> **Requirement**: Leave every picture out and return the rest of the listing verbatim.
:: Supplied entries
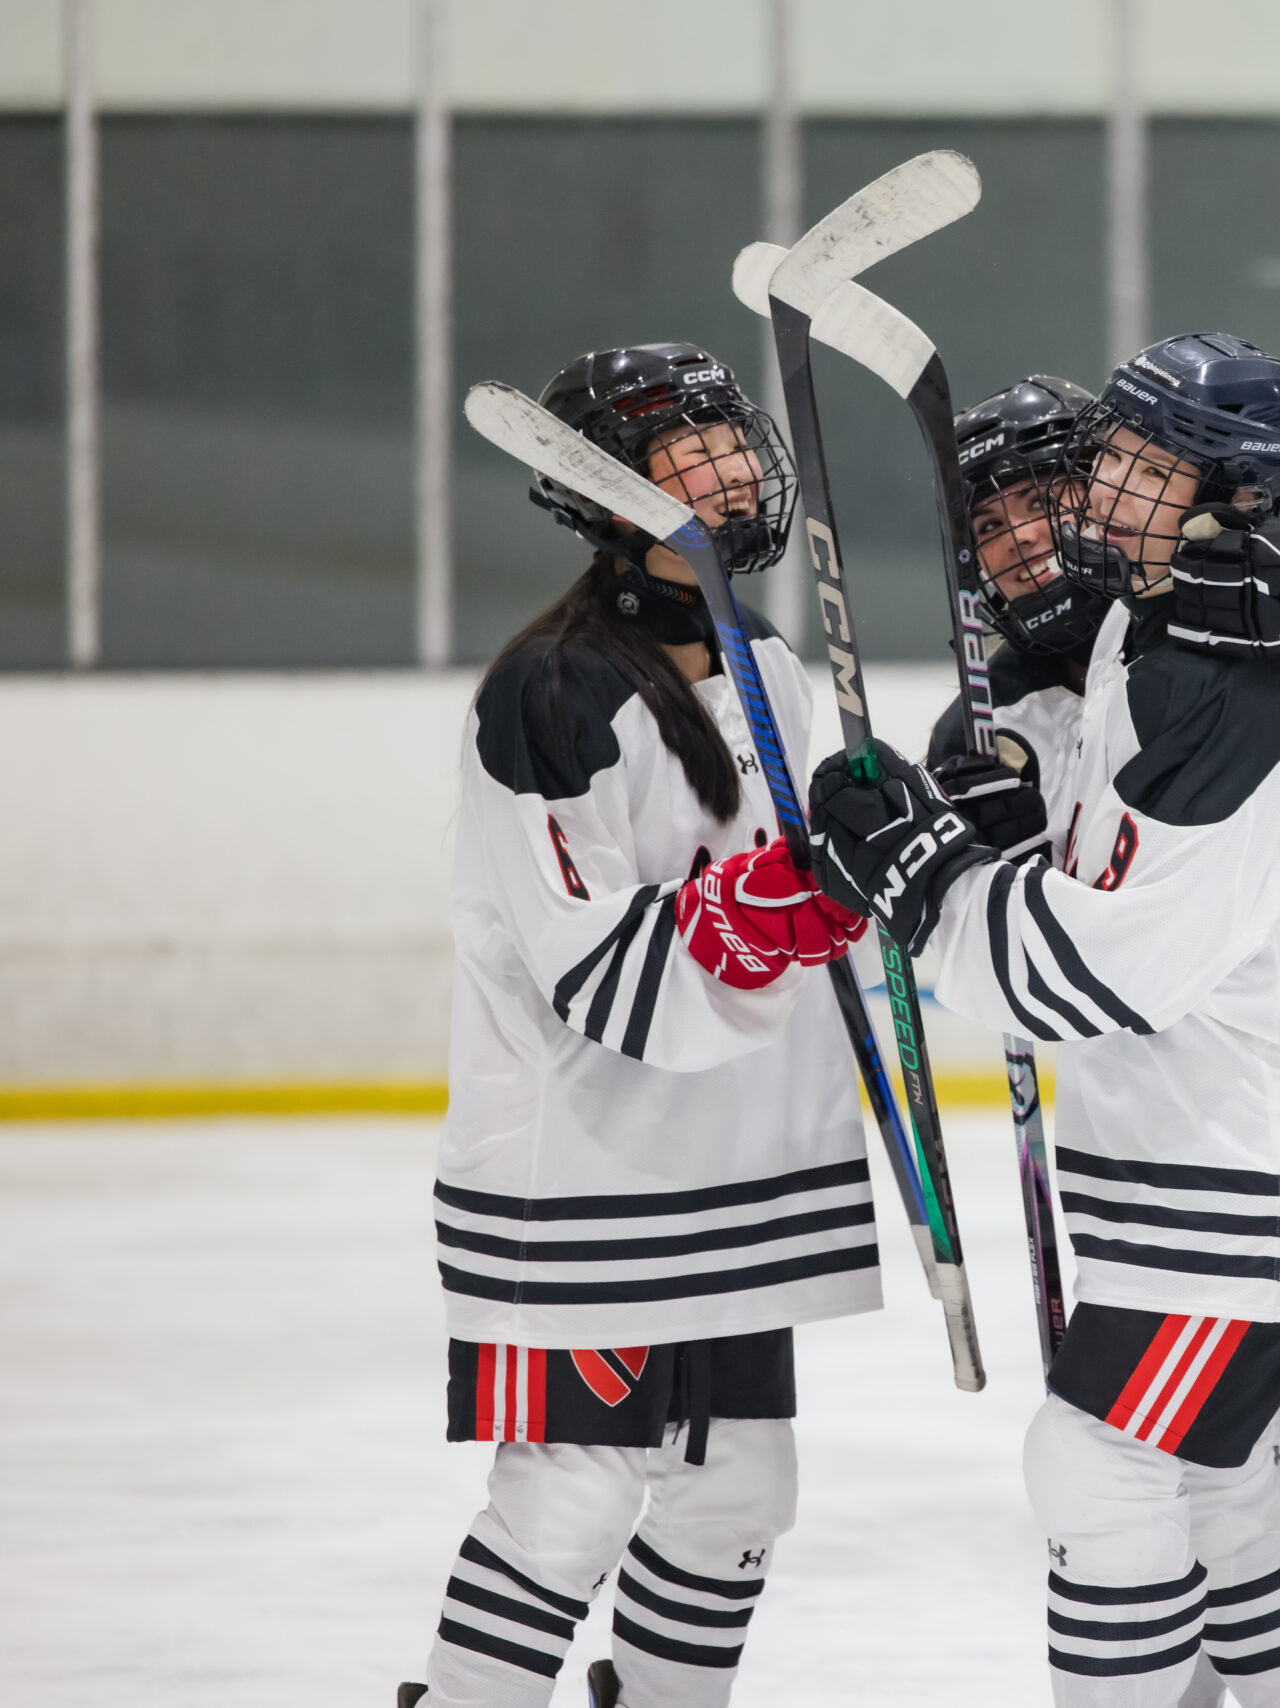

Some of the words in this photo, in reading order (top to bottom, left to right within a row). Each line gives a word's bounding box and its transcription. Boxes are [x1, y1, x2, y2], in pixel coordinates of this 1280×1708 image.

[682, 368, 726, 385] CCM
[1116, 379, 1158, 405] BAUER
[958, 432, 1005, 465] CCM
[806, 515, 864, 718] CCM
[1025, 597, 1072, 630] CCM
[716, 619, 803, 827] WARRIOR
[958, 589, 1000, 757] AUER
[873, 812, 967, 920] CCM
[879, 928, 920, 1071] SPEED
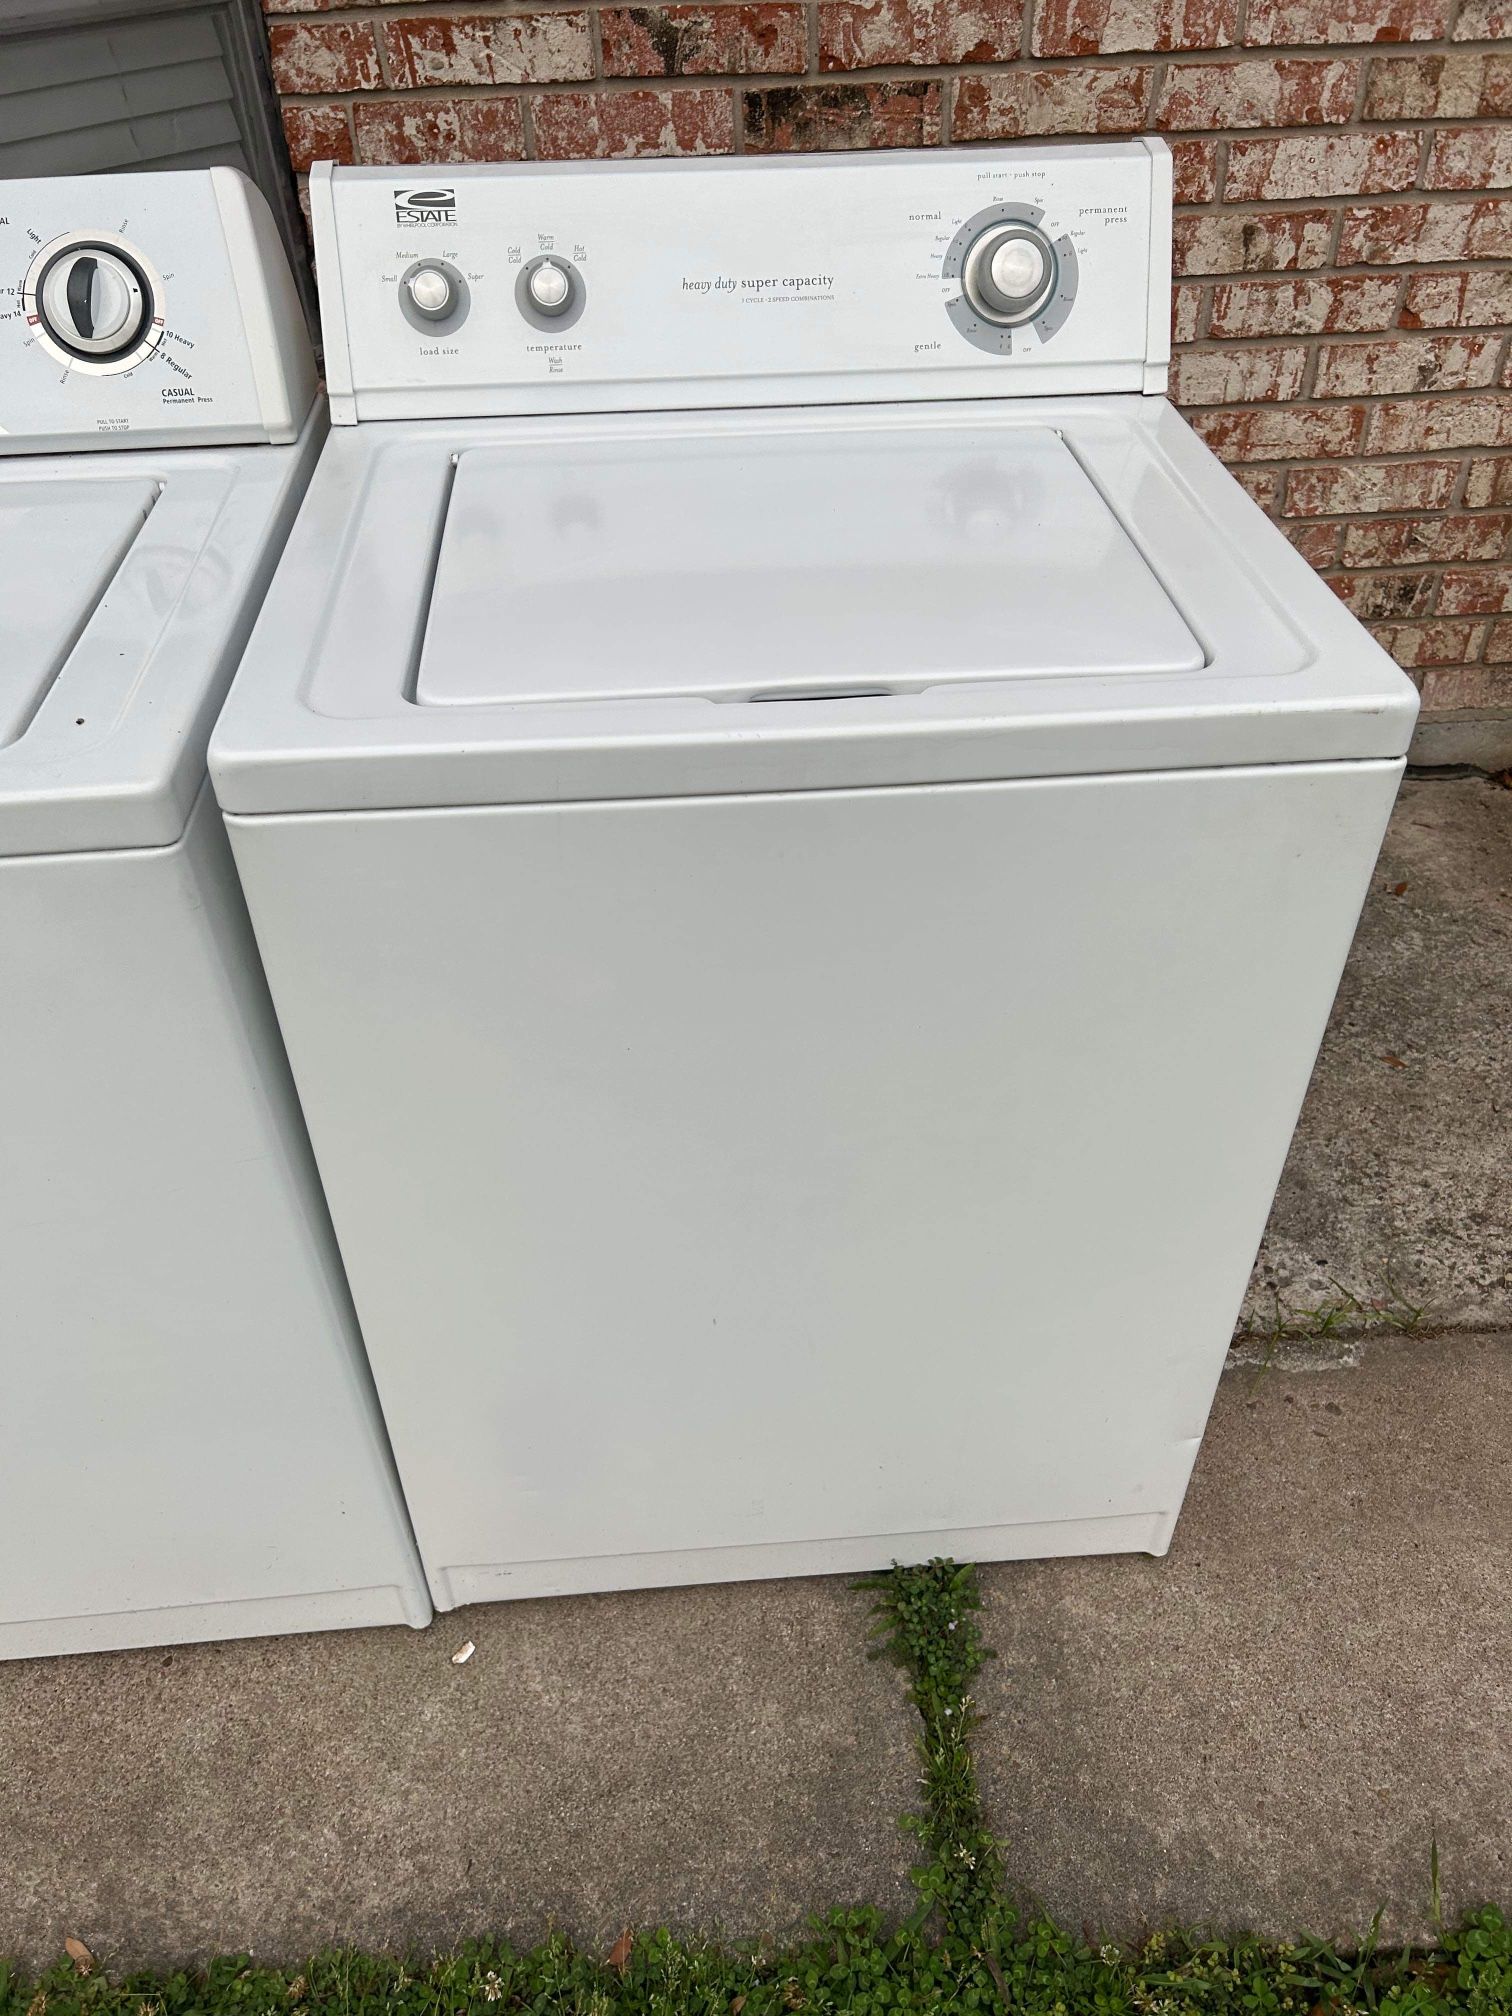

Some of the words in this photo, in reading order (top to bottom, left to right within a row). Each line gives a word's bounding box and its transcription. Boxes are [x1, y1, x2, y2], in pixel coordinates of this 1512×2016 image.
::::
> **Task solution**:
Some of the words in this photo, in reading order (top to bottom, left to right within a row). Each line gives a word's bounding box and its transcription. Boxes are [x1, y1, x2, y2], in pixel coordinates of this 1280×1708 image.

[682, 368, 726, 385] CCM
[1116, 379, 1158, 405] BAUER
[958, 432, 1005, 465] CCM
[806, 515, 864, 718] CCM
[1025, 597, 1072, 630] CCM
[716, 619, 803, 827] WARRIOR
[958, 589, 1000, 757] AUER
[873, 812, 967, 920] CCM
[879, 928, 920, 1071] SPEED

Some of the words in this photo, in reading order (top to bottom, left to right within a row). Each line gives a word's bounding box and its transcription. Boxes are [x1, y1, x2, y2], in pixel coordinates of this 1512×2016 image.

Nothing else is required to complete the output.